* [Exercise instructions] Pictures don't belong in the copy; print all the records exactly.

* [Data supplied]
----------
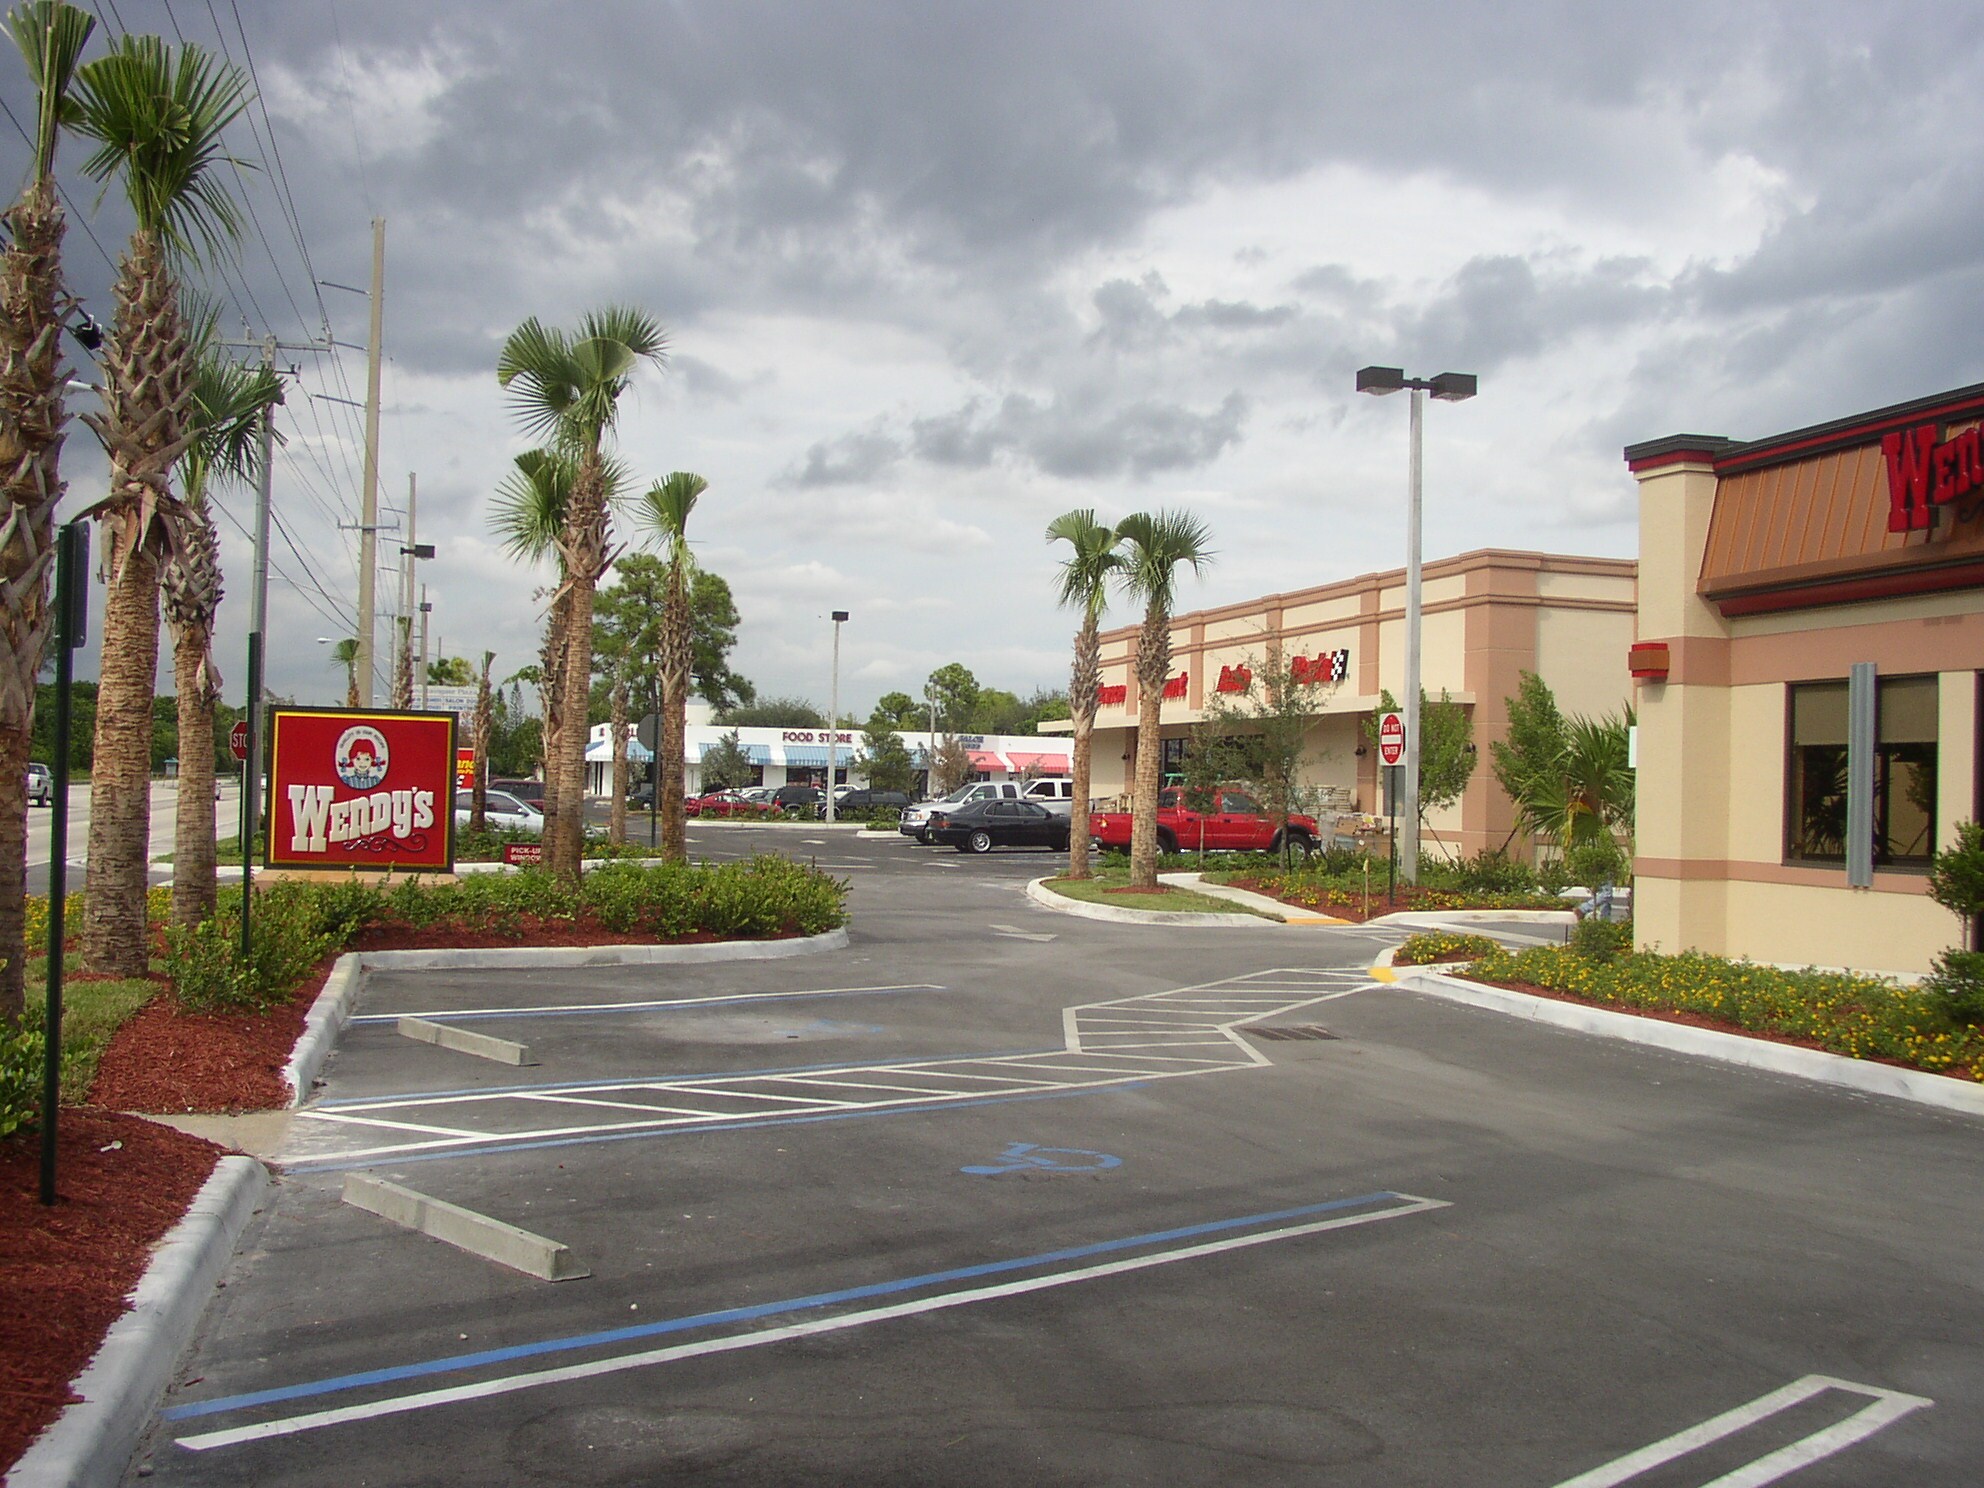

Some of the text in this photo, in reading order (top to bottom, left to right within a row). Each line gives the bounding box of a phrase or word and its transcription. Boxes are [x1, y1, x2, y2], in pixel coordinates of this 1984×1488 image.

[1383, 723, 1400, 733] DO NOT
[232, 732, 248, 748] STO
[782, 731, 814, 743] FOOD
[1384, 746, 1399, 756] ENTER
----------
* [Task output]
Some of the text in this photo, in reading order (top to bottom, left to right within a row). Each line gives the bounding box of a phrase or word and its transcription. Boxes are [x1, y1, x2, y2], in pixel coordinates of this 1984×1488 image.

[1383, 723, 1400, 733] DO NOT
[232, 732, 248, 748] STO
[782, 731, 814, 743] FOOD
[1384, 746, 1399, 756] ENTER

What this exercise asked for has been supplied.